++++ SOURCE INFORMATION ++++

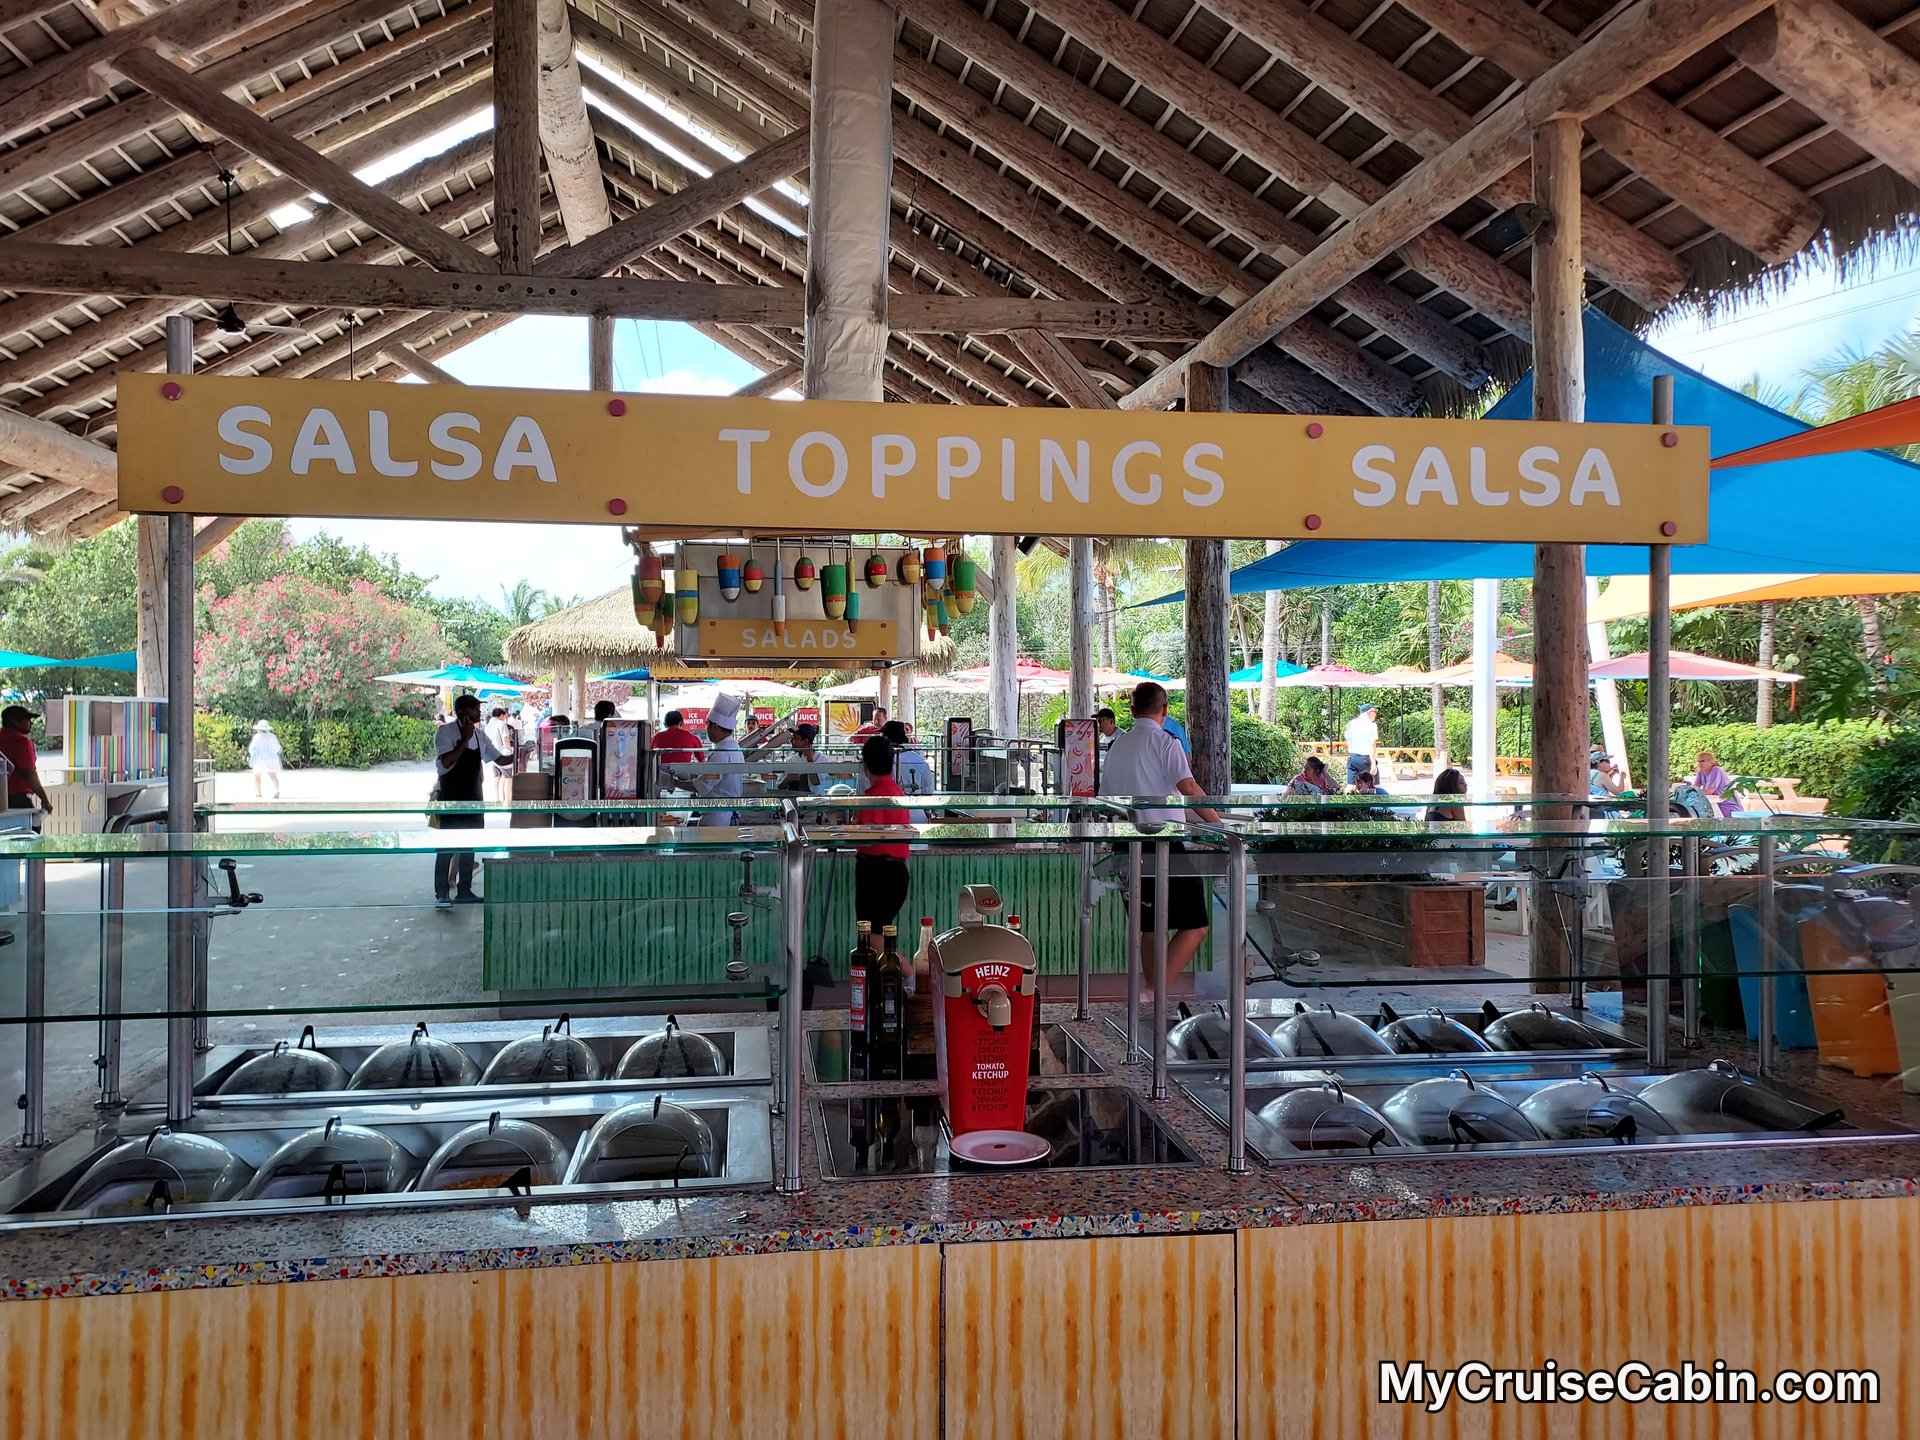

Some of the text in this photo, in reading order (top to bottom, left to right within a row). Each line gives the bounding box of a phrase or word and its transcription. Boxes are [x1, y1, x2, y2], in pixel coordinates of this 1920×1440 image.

[217, 404, 1622, 508] SALSA TOPPINGS SALSA
[742, 627, 857, 649] SALADS
[799, 713, 818, 721] JUICE
[975, 964, 1010, 979] HEINZ
[976, 1063, 1005, 1071] TOMATO
[972, 1070, 1010, 1080] KETCHUP

++++

DIRECTIONS
Leave out the images and copy all remaining data word for word.

TASK RESULT
Some of the text in this photo, in reading order (top to bottom, left to right within a row). Each line gives the bounding box of a phrase or word and its transcription. Boxes are [x1, y1, x2, y2], in pixel coordinates of this 1920×1440 image.

[217, 404, 1622, 508] SALSA TOPPINGS SALSA
[742, 627, 857, 649] SALADS
[799, 713, 818, 721] JUICE
[975, 964, 1010, 979] HEINZ
[976, 1063, 1005, 1071] TOMATO
[972, 1070, 1010, 1080] KETCHUP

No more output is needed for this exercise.